Once we were all in agreement on the general direction, Alex started to think about the background art and color palette.

As the overall design started coming together, we began to focus in on the details. In the previous stage, we liked what Alex did with the environment, but wanted to see if he could tone it down a little. Sometimes, less is more.

We started to get pretty excited about where it was headed, so we gave Alex the green light to move to pencils, and very soon thereafter, inks.

Once the inks were in, we started exploring the color palette a little further. A good chunk of this story takes place in a radioactive-colored world, so a lot of these early explorations focus on that.

As we got closer and closer to a palette we liked, we delved into a variety of title treatments.

And before you know it, we had ourselves a final cover!

Once the cover is resolved, we start thinking about the rest of the jacket.

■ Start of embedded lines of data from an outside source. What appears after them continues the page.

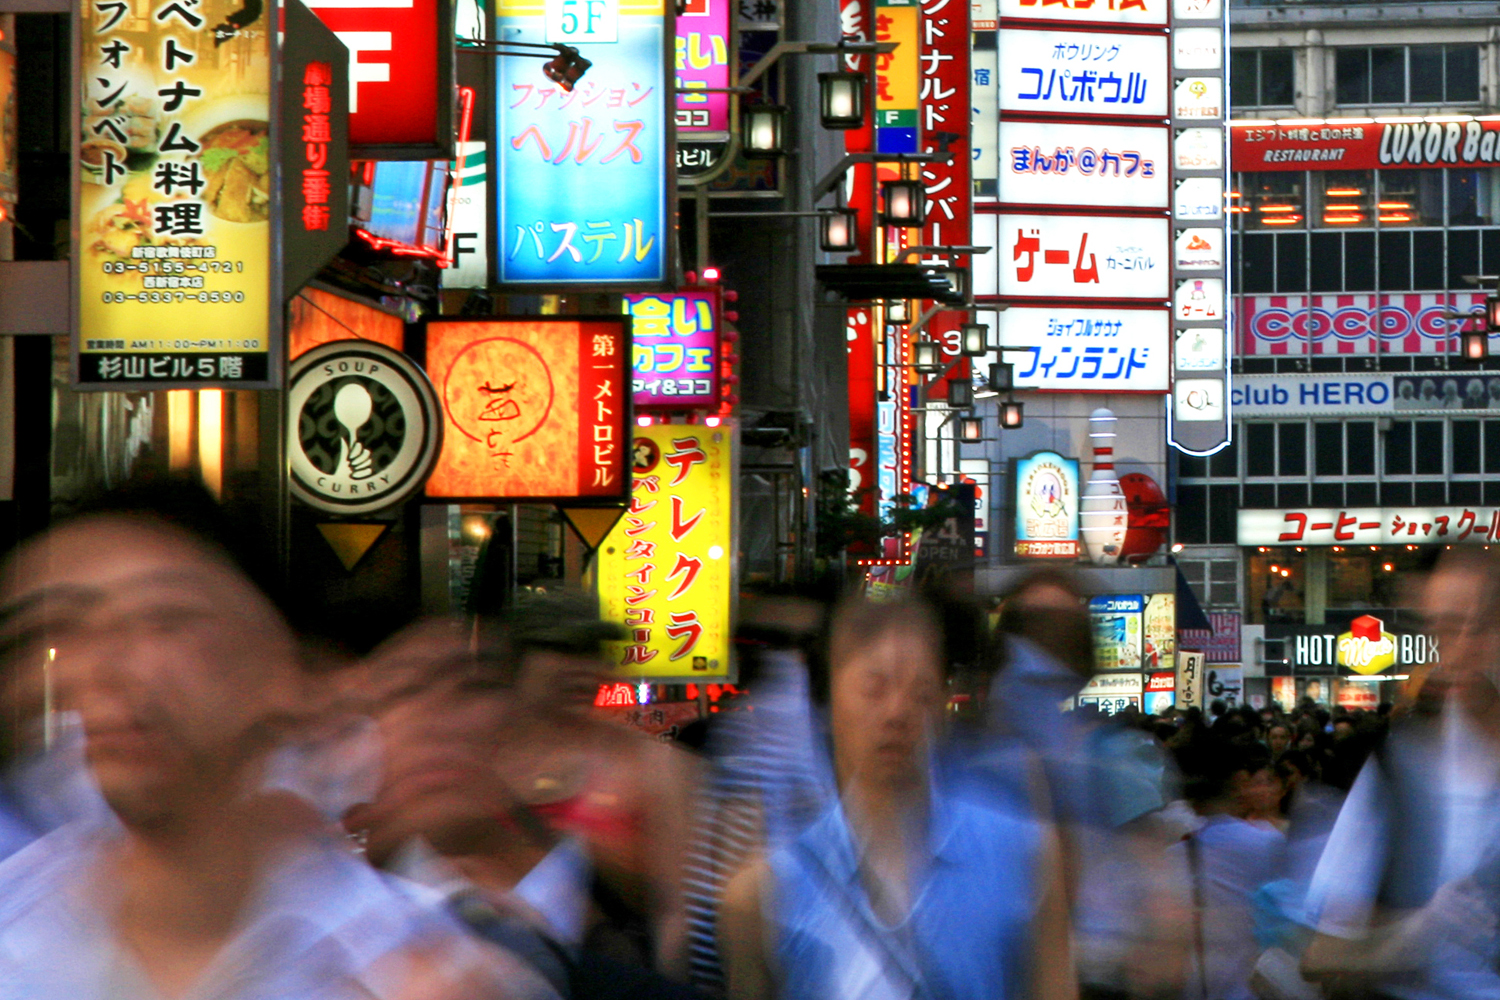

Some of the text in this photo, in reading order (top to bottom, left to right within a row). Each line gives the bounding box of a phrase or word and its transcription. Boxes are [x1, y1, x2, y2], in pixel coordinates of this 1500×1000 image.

[561, 0, 607, 35] 5F
[510, 81, 654, 111] ファッション
[1017, 66, 1147, 105] コパボウル
[511, 116, 647, 166] ヘルス
[1263, 148, 1346, 163] RESTAURANT
[1379, 121, 1461, 165] LUXOR
[1011, 146, 1155, 179] まんが@カフェ
[509, 216, 656, 265] パステル
[1013, 228, 1100, 285] ゲーム
[102, 261, 244, 274] 03-5155-4721
[323, 361, 382, 376] SOUP
[1018, 345, 1150, 380] フィンランド
[1300, 381, 1390, 406] HERO
[591, 334, 616, 488] 第一メトロビル
[316, 472, 391, 494] CURRY
[1278, 512, 1381, 542] コーヒー
[664, 436, 708, 663] テレクラ
[1296, 635, 1335, 666] HOT
[1401, 634, 1440, 665] BOX

How will the back cover interact with the front? How can we create an effective spine, with such a tiny piece of real estate? How can the flaps inform the reader with descriptive copy, but still look good?

And then there’s the pre-printed case design! This is the art you see under the jacket, which is glued to the book board.

As all of these elements were being finalized, we were simultaneously communicating with our production team to determine what printing materials and techniques would work best with the design. This includes paper stock, special inks, embossing plates, and lamination. For Spill Zone, we decided that metallic stock was a must-have, not only because it looked good with the art, but it made a direct reference to the radioactive element. Our senior production manager, Alexa Villanueva, worked closely with the printer to make sure the proofing process moved along smoothly. At this stage, we made any last minute text corrections and color adjustments, and made sure all the special effects and materials were printing properly.

From start to finish, this project took several months, but when the books arrived I could hardly contain my excitement. Collaborating with this wonderful group of bookmakers was an incredible experience, and I can’t wait to relive it with their next book, Spill Zone: The Broken Vow.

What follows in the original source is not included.